From: Jason Gunthorpe
Date: Wed Sep 29 2021 - 14:26:50 EST


On Wed, Sep 29, 2021 at 12:06:55PM -0600, Alex Williamson wrote:
> On Wed, 29 Sep 2021 13:16:02 -0300
> Jason Gunthorpe <jgg@xxxxxxxxxx> wrote:
>
> > On Tue, Sep 28, 2021 at 02:18:44PM -0600, Alex Williamson wrote:
> > > On Tue, 28 Sep 2021 16:35:50 -0300
> > > Jason Gunthorpe <jgg@xxxxxxxx> wrote:
> > >
> > > > On Tue, Sep 28, 2021 at 01:19:58PM -0600, Alex Williamson wrote:
> > > >
> > > > > In defining the device state, we tried to steer away from defining it
> > > > > in terms of the QEMU migration API, but rather as a set of controls
> > > > > that could be used to support that API to leave us some degree of
> > > > > independence that QEMU implementation might evolve.
> > > >
> > > > That is certainly a different perspective, it would have been
> > > > better to not express this idea as a FSM in that case...
> > > >
> > > > So each state in mlx5vf_pci_set_device_state() should call the correct
> > > > combination of (un)freeze, (un)quiesce and so on so each state
> > > > reflects a defined operation of the device?
> > >
> > > I'd expect so, for instance the implementation of entering the _STOP
> > > state presumes a previous state that where the device is apparently
> > > already quiesced. That doesn't support a direct _RUNNING -> _STOP
> > > transition where I argued in the linked threads that those states
> > > should be reachable from any other state. Thanks,
> >
> > If we focus on mlx5 there are two device 'flags' to manage:
> > - Device cannot issue DMAs
> > - Device internal state cannot change (ie cannot receive DMAs)
> >
> > This is necessary to co-ordinate across multiple devices that might be
> > doing peer to peer DMA between them. The whole multi-device complex
> > should be moved to "cannot issue DMA's" then the whole complex would
> > go to "state cannot change" and be serialized.
>
> Are you anticipating p2p from outside the VM? The typical scenario
> here would be that p2p occurs only intra-VM, so all the devices would
> stop issuing DMA (modulo trying to quiesce devices simultaneously).

Inside the VM.

Your 'modulo trying to quiesce devices simultaneously' is correct -
this is a real issue that needs to be solved.

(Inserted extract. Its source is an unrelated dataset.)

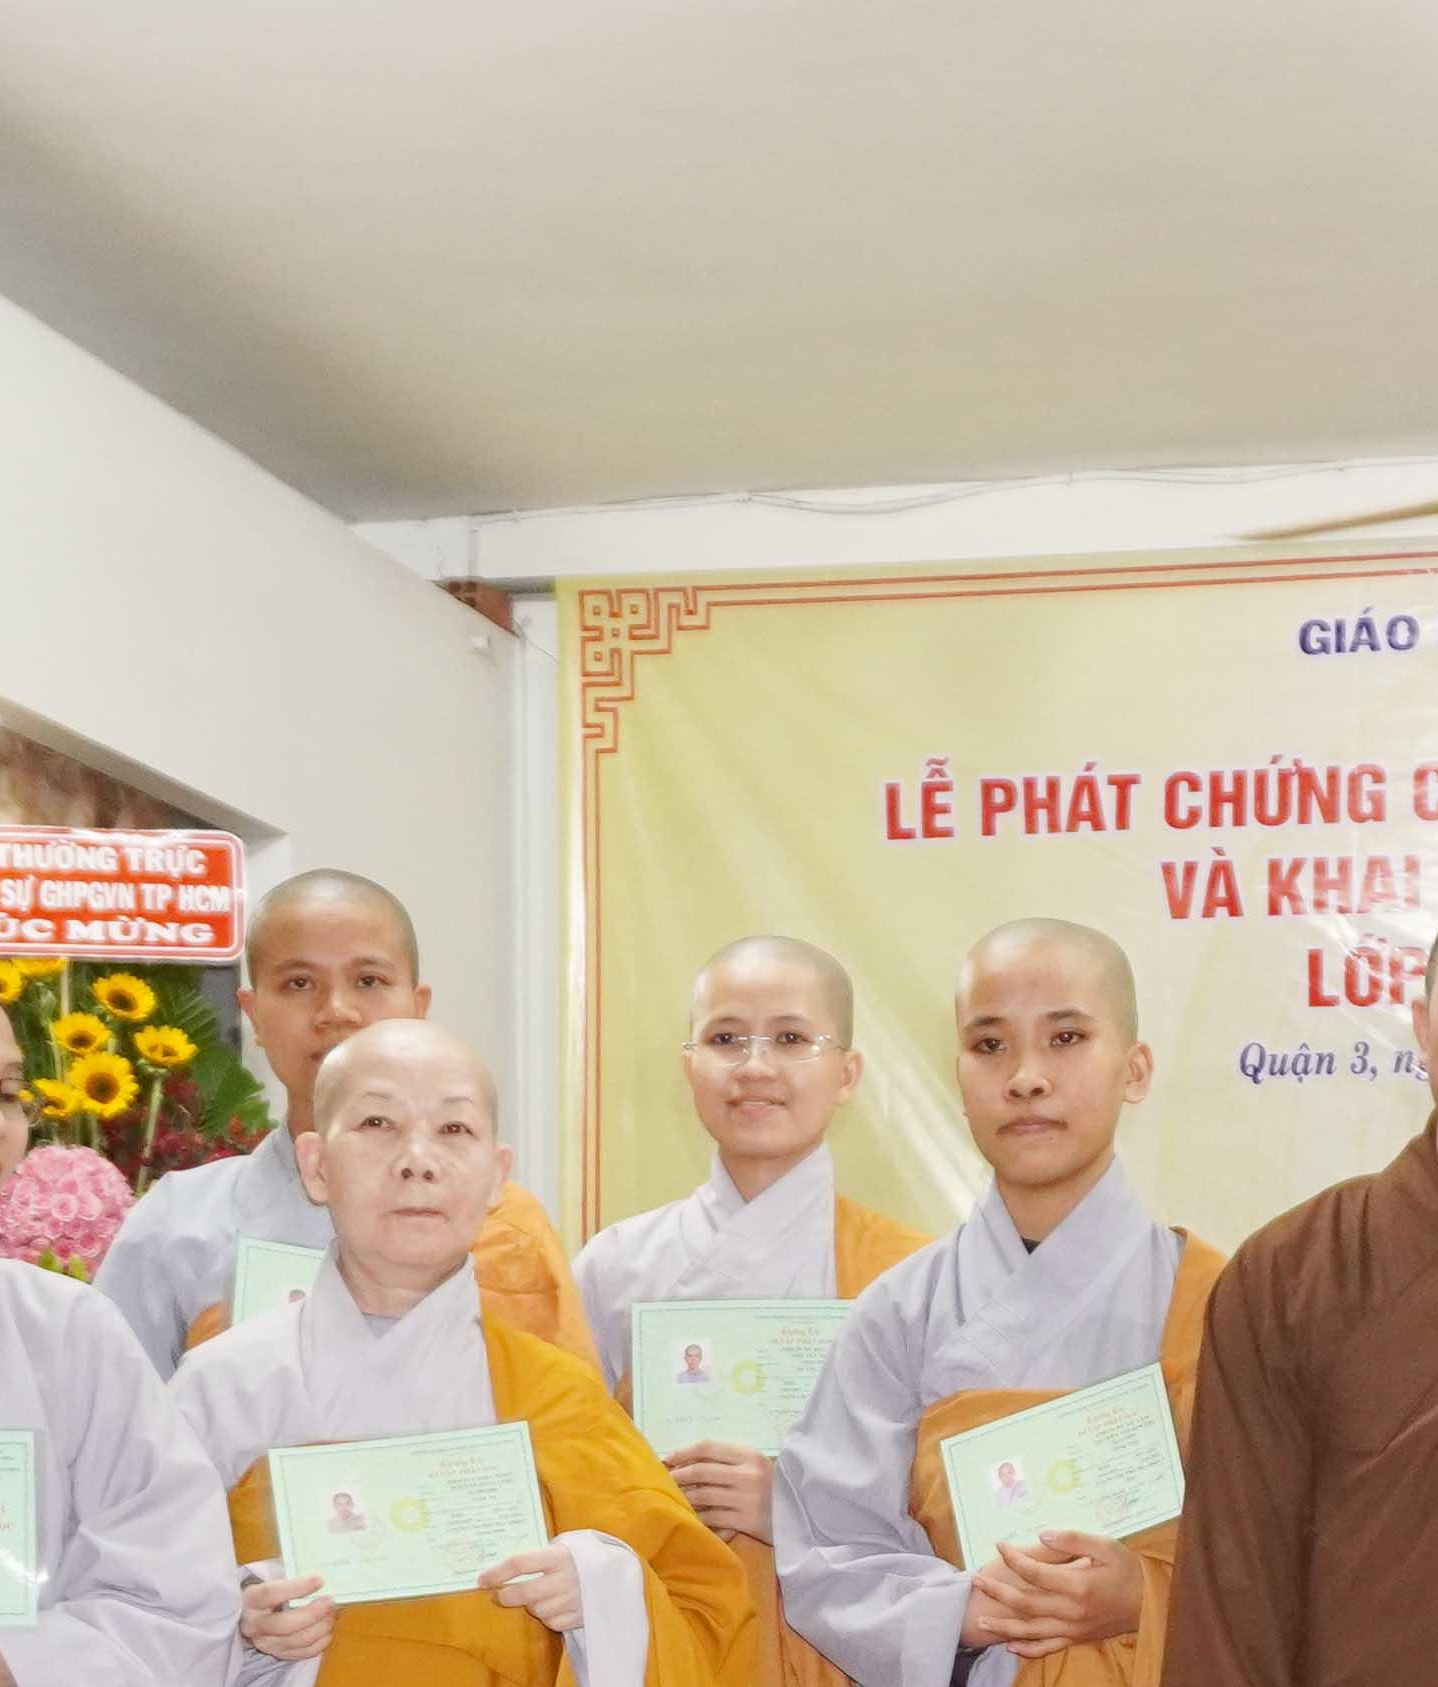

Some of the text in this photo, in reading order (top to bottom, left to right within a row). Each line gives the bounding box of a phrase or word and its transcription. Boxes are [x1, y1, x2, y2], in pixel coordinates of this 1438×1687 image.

If we put one device in a state where it's internal state is immutable
it can no longer accept DMA messages from the other devices. So there
are two states in the HW model - do not generate DMAs and finally the
immutable internal state where even external DMAs are refused.

> > The expected sequence at the device is thus
> >
> > Resuming
> > full stop -> does not issue DMAs -> full operation
> > Suspend
> > full operation -> does not issue DMAs -> full stop
> >
> > Further the device has two actions
> > - Trigger serializating the device state
> > - Trigger de-serializing the device state
> >
> > So, what is the behavior upon each state:
> >
> > * 000b => Device Stopped, not saving or resuming
> > Does not issue DMAs
> > Internal state cannot change
> >
> > * 001b => Device running, which is the default state
> > Neither flags
> >
> > * 010b => Stop the device & save the device state, stop-and-copy state
> > Does not issue DMAs
> > Internal state cannot change
> >
> > * 011b => Device running and save the device state, pre-copy state
> > Neither flags
> > (future, DMA tracking turned on)
> >
> > * 100b => Device stopped and the device state is resuming
> > Does not issue DMAs
> > Internal state cannot change
>
> cannot change... other that as loaded via migration region.

Yes

> The expected protocol is that if the user write to the device_state
> register returns an errno, the user reevaluates the device_state to
> determine if the desired transition is unavailable (previous state
> value is returned) or generated a fault (error state value
> returned).

Hmm, interesting, mlx5 should be doing this as well. Eg resuming with
corrupt state should fail and cannot be recovered except via reset.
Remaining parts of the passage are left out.